Spotlight: Vernon Dalhart

Dalhart in 1927, from the Cover of "My Blue Ridge Mountain Home"

From the 1927 cover of “My Blue Ridge Mountain Home”

One of the most popular recording artists in his day, and one of the least appreciated today, is classically trained tenor-turned-country singer Vernon Dalhart.  The first million-selling country artist, whose records enthralled the listeners of the 1920s, and sometimes annoy record collectors today because of their prevalence, a testament to his popularity.

The man who would become internationally famous as Vernon Dalhart was born Marion Try Slaughter II in the town of Jefferson, Texas on April 6, 1883 (some sources say 1881), son of Robert Marion “Bob” and Mary Jane Slaughter.  Growing up on a ranch outside town, Try, who went by his middle name, learned to play the harmonica, kazoo, and Jew’s harp.  The Slaughters, living up to their name, had a reputation as violent people, and when Try was ten in 1893, his uncle, also named Bob, shot his father following a dispute in the alley behind the Kahn Saloon in Jefferson.

Two Texas Historical Markers in Jefferson, Texas commemorating the Kahn Saloon and Vernon Dalhart.

Two historical markers in Jefferson, Texas commemorating the Kahn Saloon and Vernon Dalhart.

The young Try Slaughter took singing lessons while attending school in Jefferson, and later learned traditional cowboy songs while spending his summers working as a cattle puncher in West Texas.  Whether or not Slaughter actually sang at the Kahn Saloon, as noted in the historical marker above, is debated, as he left Jefferson before the age of seventeen.
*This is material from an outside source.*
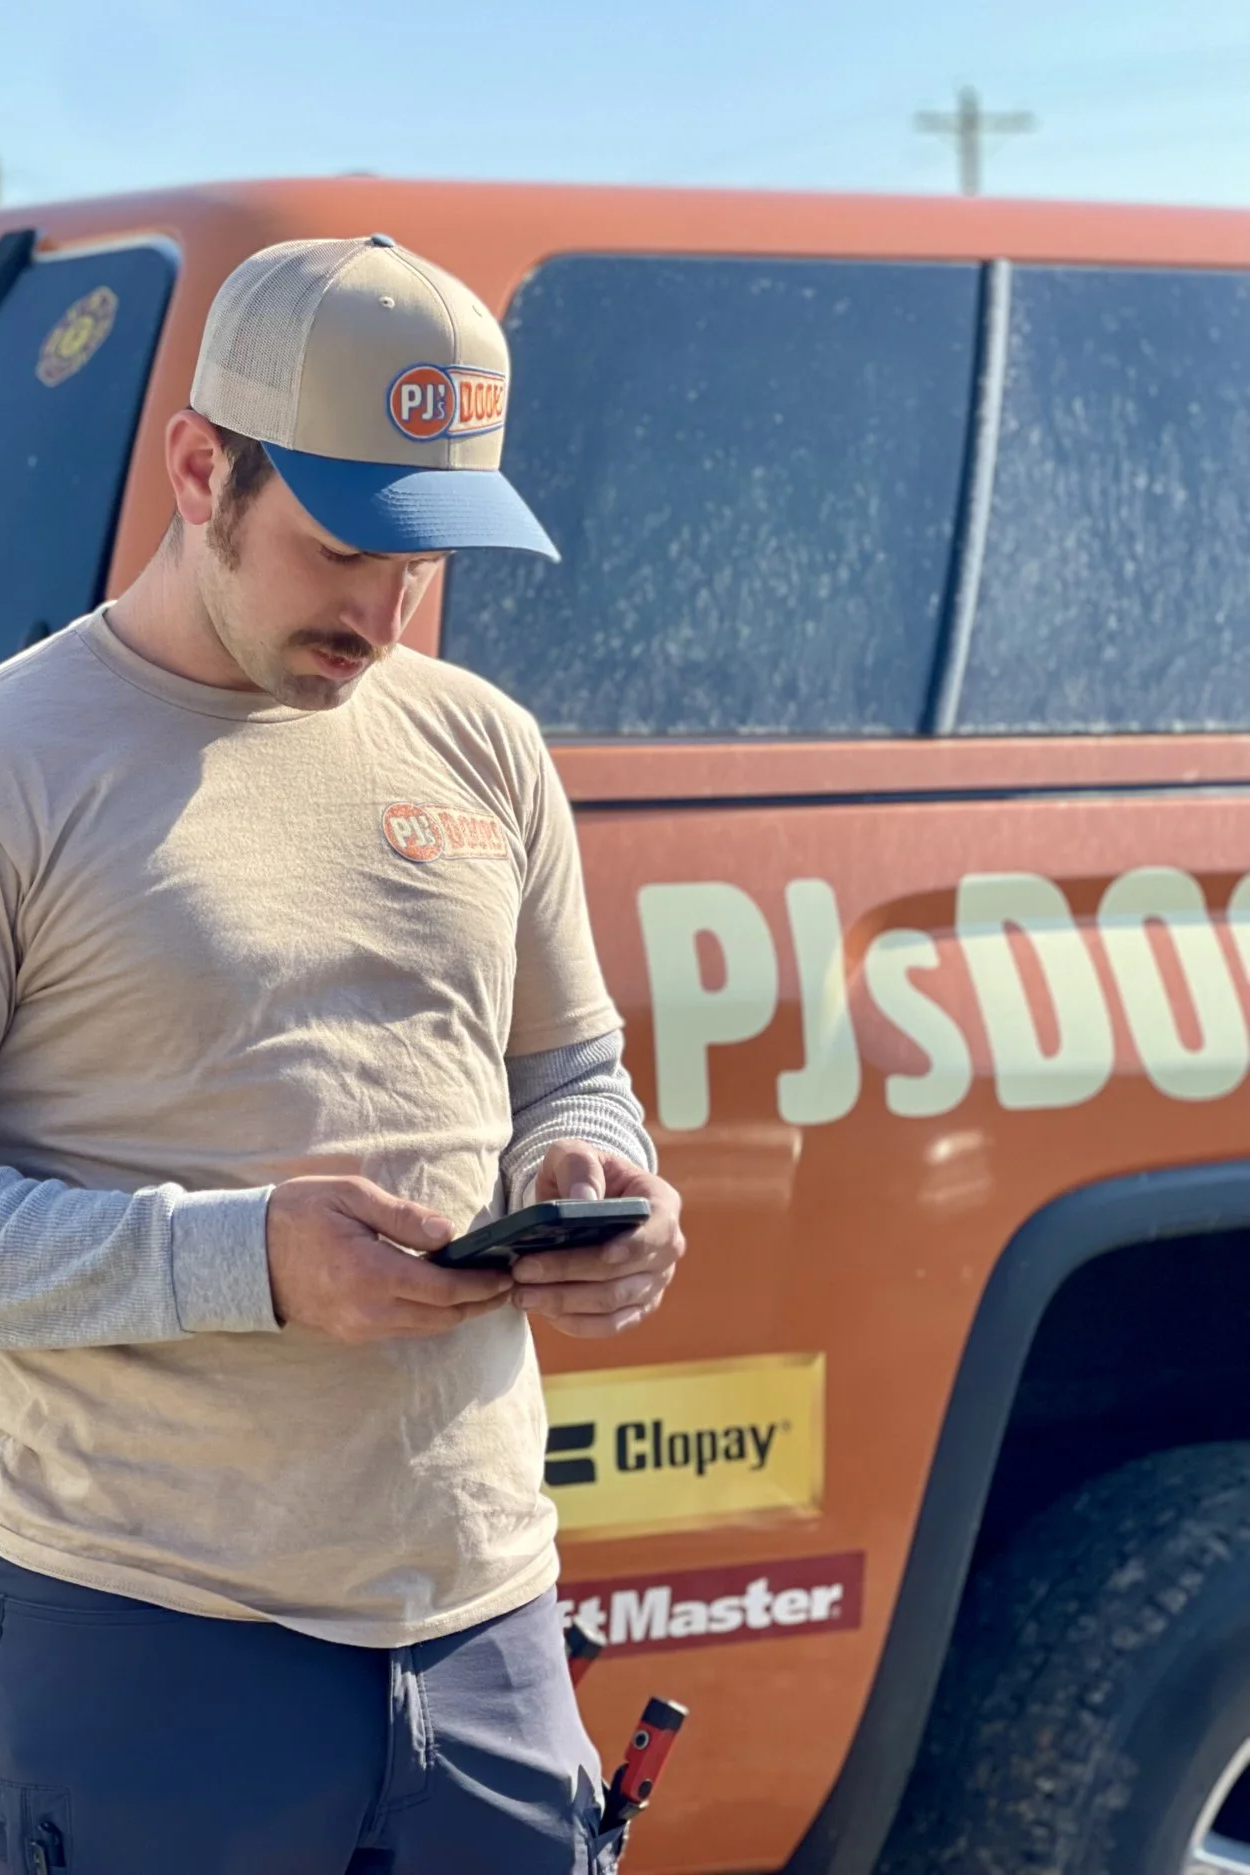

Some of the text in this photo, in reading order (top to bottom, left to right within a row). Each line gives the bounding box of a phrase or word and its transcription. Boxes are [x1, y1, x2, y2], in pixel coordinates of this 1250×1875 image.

In the late 1890s, Try moved with his mother to Dallas, where he attended the Dallas Conservatory of Music, and later married Sadie Lee Moore–Livingston, with whom he had two children, Marion Try III, and Janice.  Around 1908, feeling free from his commitment to his now re-married mother, Slaughter moved his family to New York, to pursue work as an operatic tenor.  Living in the Bronx, Slaughter found work in a piano warehouse and as a church singer.
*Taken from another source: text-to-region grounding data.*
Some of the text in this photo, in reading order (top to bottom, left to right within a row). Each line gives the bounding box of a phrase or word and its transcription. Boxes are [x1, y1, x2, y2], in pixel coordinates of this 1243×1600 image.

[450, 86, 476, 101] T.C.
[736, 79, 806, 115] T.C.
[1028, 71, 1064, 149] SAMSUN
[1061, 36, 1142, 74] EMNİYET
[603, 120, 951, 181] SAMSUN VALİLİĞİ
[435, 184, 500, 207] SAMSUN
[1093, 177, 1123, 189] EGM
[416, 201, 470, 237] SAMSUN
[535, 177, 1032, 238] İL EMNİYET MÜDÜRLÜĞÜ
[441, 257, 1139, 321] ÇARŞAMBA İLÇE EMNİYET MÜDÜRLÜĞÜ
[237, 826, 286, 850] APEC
By 1910, Slaughter was performing opera in New York, and before long he found a role in Puccini’s Girls of the Golden West, which toured eighty-seven cities in America.  Around that time, after seeing a newspaper advertisement calling for new recording artists, Slaughter made several trials for Thomas Edison, and adopted the stage name Vernon Dalhart, after the Texas towns of those names.
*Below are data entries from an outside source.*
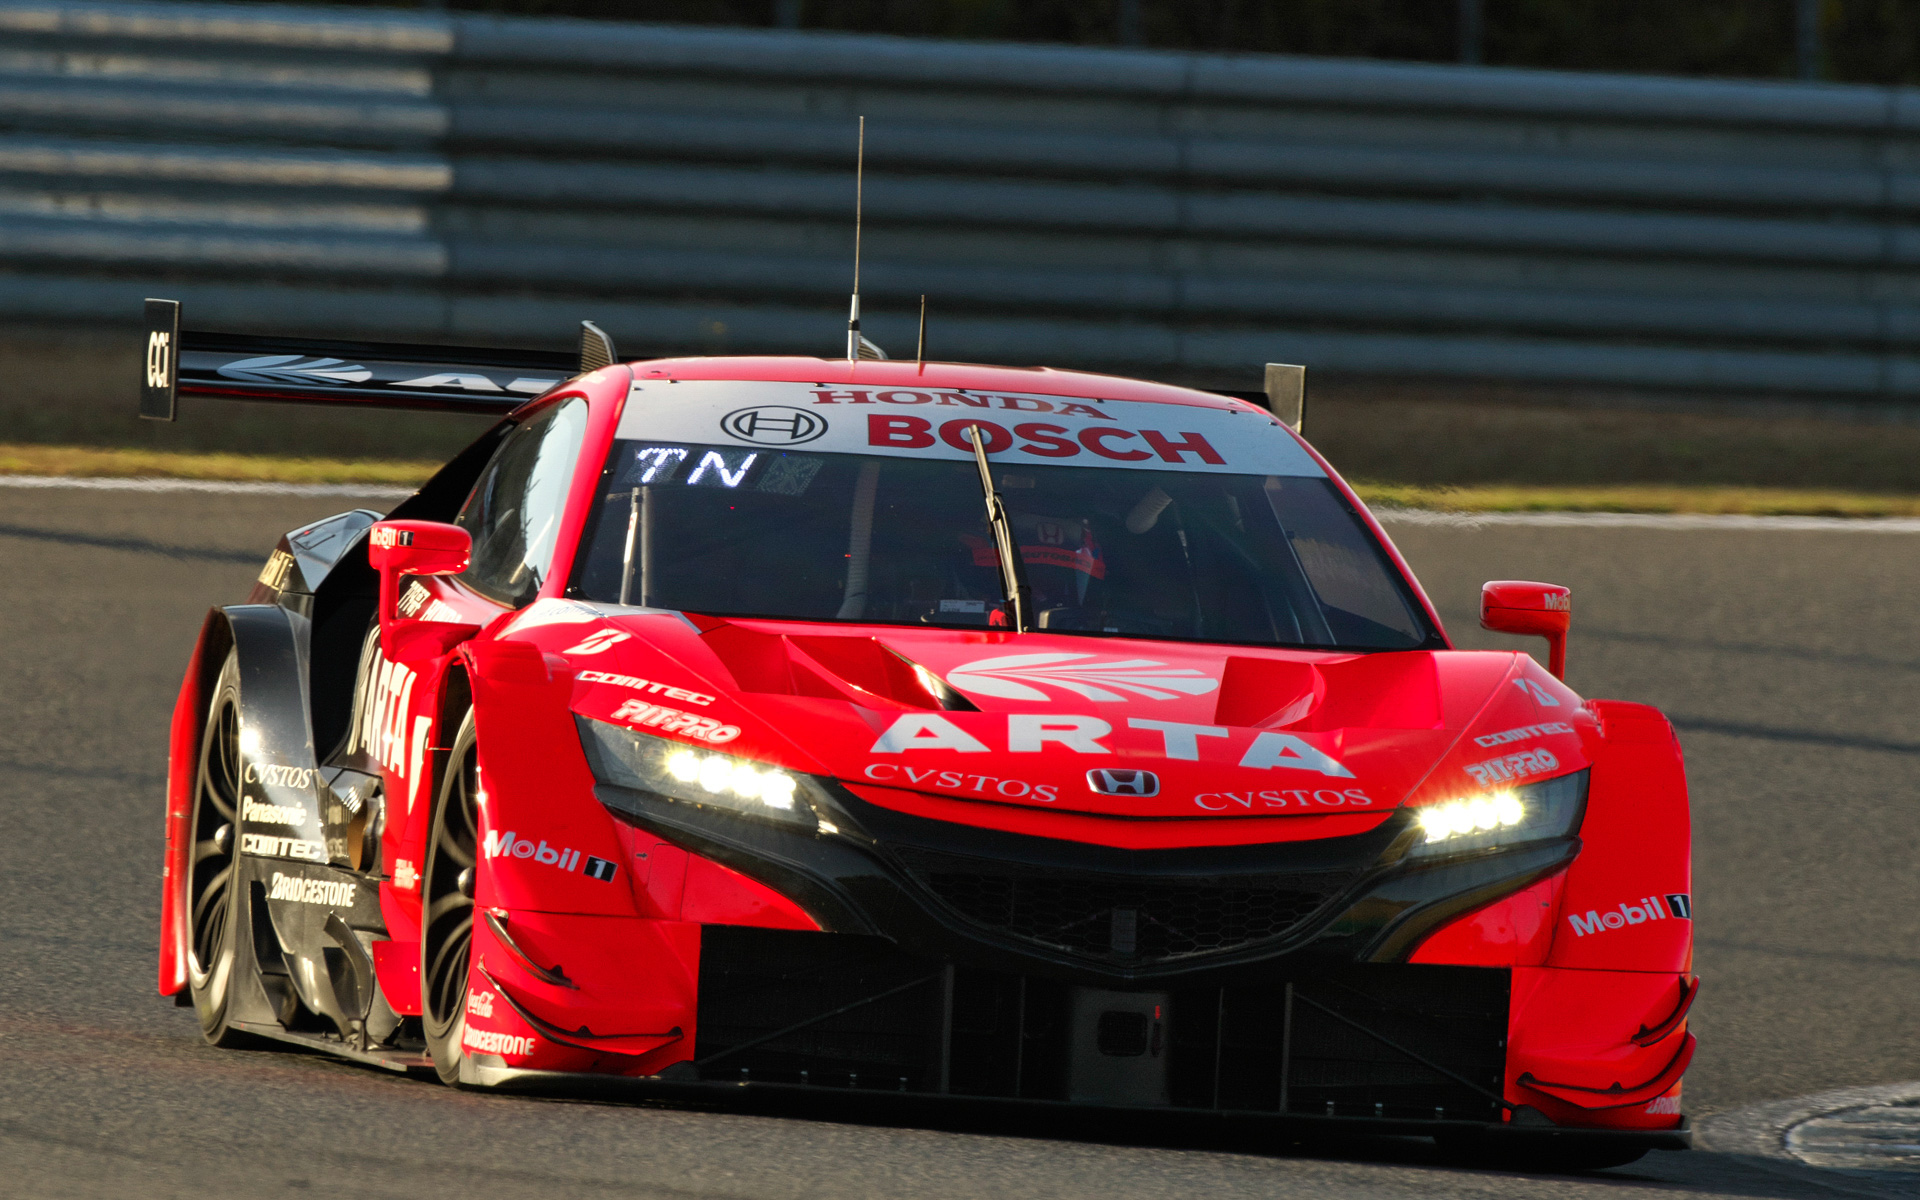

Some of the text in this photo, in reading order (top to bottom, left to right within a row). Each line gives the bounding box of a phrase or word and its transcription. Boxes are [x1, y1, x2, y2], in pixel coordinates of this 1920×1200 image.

[810, 390, 1116, 421] HONDA
[866, 412, 1228, 466] BOSCH
[369, 527, 396, 547] Mobil
[576, 670, 716, 706] COMTEC
[870, 714, 1356, 779] ARTA
[1474, 722, 1573, 747] COMTEC
[245, 763, 314, 789] CVSTOS
[864, 763, 1059, 803] CVSTOS
[242, 796, 307, 827] Panasonic
[1194, 789, 1373, 812] CVSTOS
[241, 833, 322, 860] COMTEC
[483, 830, 581, 872] Mobil
[270, 872, 357, 908] BRIDGESTONE
[1568, 896, 1666, 937] Mobil
[463, 1023, 536, 1057] BRIDGESTONE
Dalhart as he appeared in the 1930 Victor catalog.

Following successful runs in The Merry Widow, Madame Butterfly, and H.M.S. Pinafore over the following years, Dalhart began recording professionally for Edison, Columbia, and Emerson, and later Victor Records.  Dalhart had a wide repertoire that encompassed several genres of song including operatic and popular songs, and later as a vocalist for dance bands.  Dalhart was quite popular at the time, and touring the nation in various engagements including Edison’s Tone Tests, which compared real artists to their recordings.

Singing some songs in his native dialect, some have accused Dalhart of using an artificial accent.  Insisting that his inflection was genuine, Dalhart said in 1918, “When you are born and brought up in the South your only trouble is to talk any other way…the sure ‘nough Southerner talks almost like a Negro, even when he’s white. I’ve broken myself of the habit, more or less, in ordinary conversation, but it still comes pretty easy”.

In May of 1924, after hearing the Henry Whitter’s 1923 recording for Okeh Records, Vernon Dalhart recorded the now-classic railroad ballad “The Wreck on the Southern Old 97” on Edison Diamond Disc.  Having transcribed the lyrics from Whitter’s recording, some words sung by Dalhart are incorrect.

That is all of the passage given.